When Gaye — pronounced “Jay” — began curling at the suggestion of a friend in 1999, she caught the bug immediately and made it a goal to follow her father’s footsteps and win three Winter Carnival Championships. She did, in 2002, 2003 and 2004.

It didn’t take too long for Gaye’s daughters to become hooked, as well. And good.
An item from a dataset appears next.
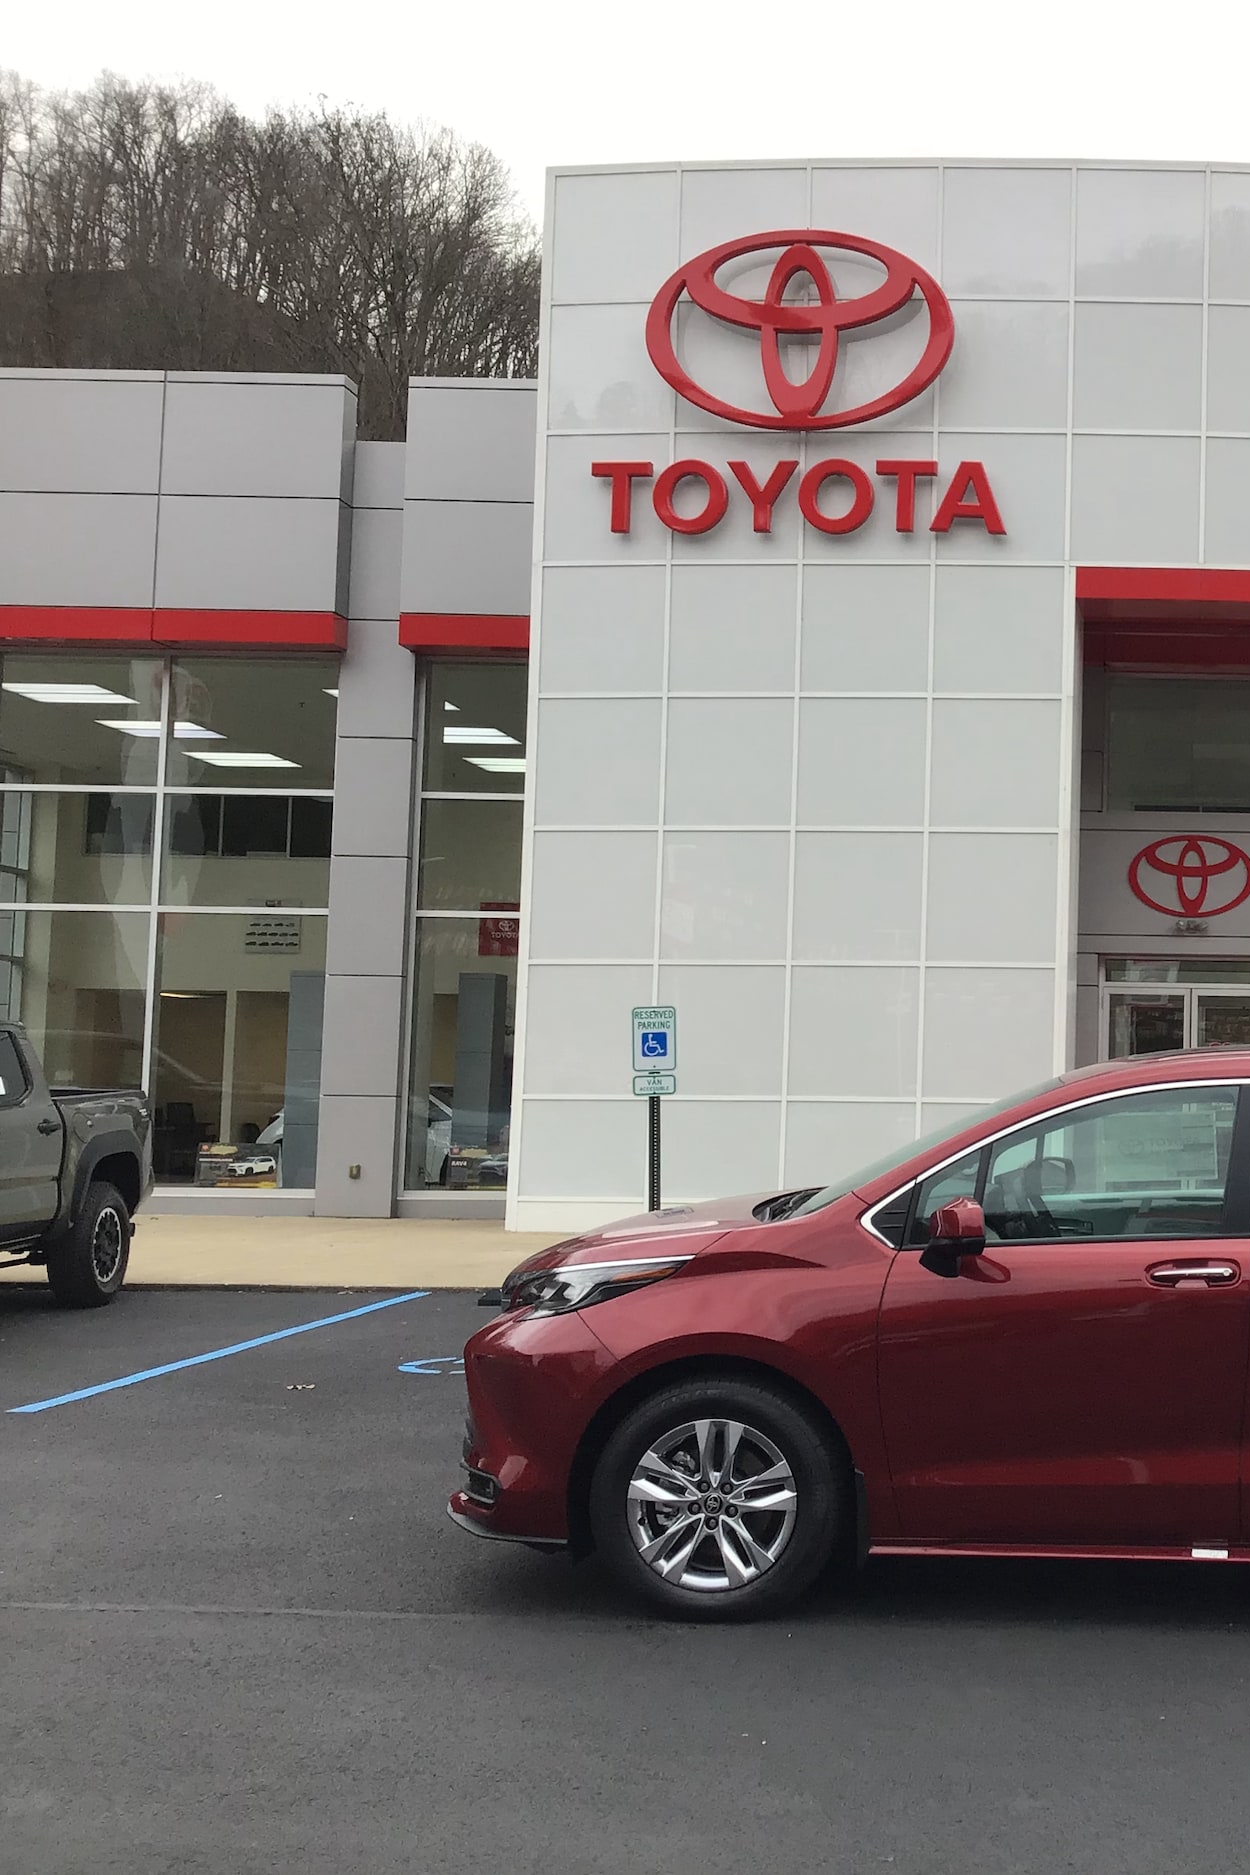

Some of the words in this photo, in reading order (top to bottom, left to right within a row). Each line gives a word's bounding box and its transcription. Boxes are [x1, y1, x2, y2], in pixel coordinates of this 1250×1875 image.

Longtime SPCC member and instructor Craig Carlson was looking for girls to play with his daughter, Alex, and approached Gaye.

“(He) kind of looked at us and said to my mom, ‘You know, those girls have potential, we want them. I want my daughter to play with them, and I want to coach them how to curl and get them into this,’ ” Tara said.

Curling: U.S. Olympic Team Trials Curling
Tara Peterson sends the rock down the ice during U.S. Olympic Team Trials for Curling on Nov. 20, 2021, at Baxter Arena in Omaha, Nebraska.
Bruce Thorson / USA Today Sports

That team won the SPCC’s Kyle Satrom Memorial Junior Bonspiel, which just played its 30th iteration over the weekend, among others, and went on to win U.S. junior championships in 2009 and 2010 — and a Worlds bronze medal in Switzerland — before Tabitha and Alex aged out of juniors.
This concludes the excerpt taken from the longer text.